Introduzione
La globalizzazione della produzione e il suo spostamento
verso i paesi a basso reddito costituiscono una delle più significative e
dinamiche trasformazioni dell’era neoliberista. La sua forza trainante
fondamentale consiste in quello che numerosi economisti chiamano “arbitraggio
globale del lavoro”: lo sforzo compiuto dalle imprese in Europa, Nord America e
Giappone al fine di tagliare i costi e aumentare i profitti rimpiazzando il
relativamente ben pagato lavoro domestico con manodopera estera a basso costo,
ciò sia attraverso l’emigrazione della produzione (la cosiddetta
“esternalizzazione”) sia tramite l’emigrazione dei lavoratori. La riduzione dei
dazi e la rimozione delle barriere ai flussi di capitali hanno stimolato la
migrazione della produzione in direzione dei paesi a basso reddito, ma la
militarizzazione delle frontiere e il crescere della xenofobia hanno creato
l’effetto opposto sulla migrazione dei lavoratori provenienti da questi stessi
paesi – non fermandoli del tutto, bensì inibendo il loro flusso e aggravando il
già vulnerabile status di serie B dei migranti.

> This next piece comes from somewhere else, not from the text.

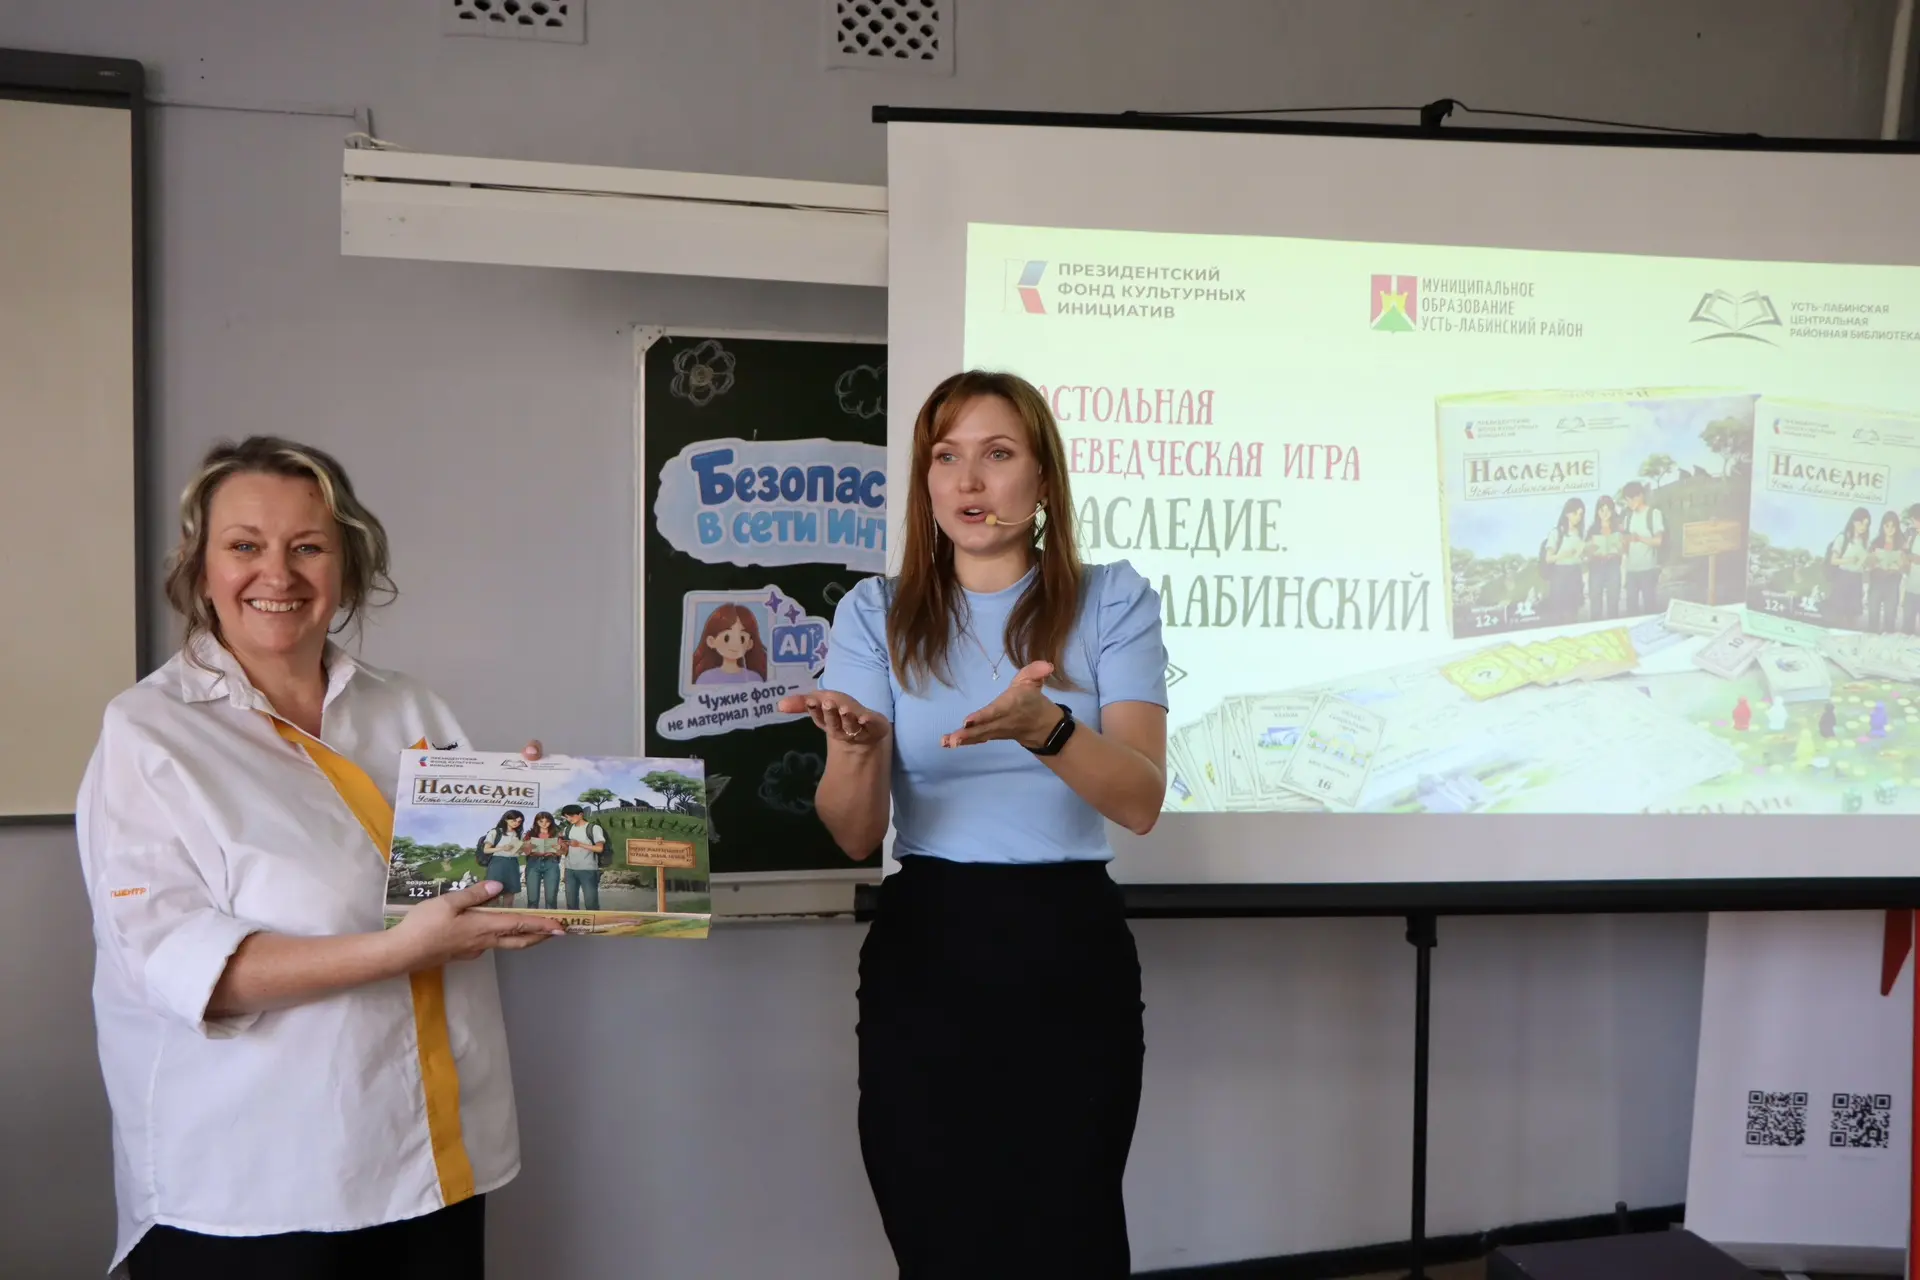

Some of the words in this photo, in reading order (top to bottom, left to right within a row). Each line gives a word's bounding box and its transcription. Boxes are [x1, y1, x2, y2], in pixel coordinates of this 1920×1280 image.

Di conseguenza, le fabbriche
attraversano liberamente il confine USA-Messico e passano agevolmente i muri
della fortezza Europa, così come le merci in esse prodotte e i
capitalisti che le possiedono, mentre gli esseri umani che vi lavorano
non godono del diritto di passaggio. Si tratta di una parodia di
globalizzazione – un mondo senza frontiere per tutto e tutti a esclusione dei
lavoratori.
I differenziali salariali globali, in larga misura derivanti
dalla soppressione della libertà di movimento del lavoro, forniscono un
riflesso distorto delle differenze globali nel tasso di sfruttamento (in parole
semplici, la differenza tra il valore generato dai lavoratori e ciò che viene
loro pagato). Lo spostamento verso sud della produzione significa che i
profitti delle aziende con sede in Europa, Nord America e Giappone, il valore
di tutte le tipologie di attività finanziarie provenienti da tali profitti, e i
livelli di vita dei cittadini di queste nazioni, sono divenuti fortemente
dipendenti dagli alti tassi di sfruttamento dei lavoratori nelle cosiddette
“nazioni emergenti”. È necessario, dunque, riconoscere nella globalizzazione
neo-liberale una nuova e imperialista fase dello sviluppo capitalistico,
laddove “l’imperialismo” è caratterizzato dalla sua essenza economica: lo
sfruttamento del lavoro vivo del Sud da parte dei capitalisti del Nord.
Nella prima parte verranno esposti i risultati di un’analisi
empirica del trasferimento globale della produzione verso le nazioni a basso
reddito, nonché identificato la sua caratteristica fondamentale: il
super-sfruttamento imperialista (1); la seconda parte cercherà di spiegare tale
fenomeno nei termini della teoria del valore di Marx, innanzitutto
ripercorrendo il dibattito degli anni Sessanta e Settanta tra la teoria della
dipendenza e i suoi critici marxisti “ortodossi”, successivamente riflettendo
sulla teoria dell’imperialismo di Lenin e, per concludere, offrendo una
rilettura critica delCapitale di Marx.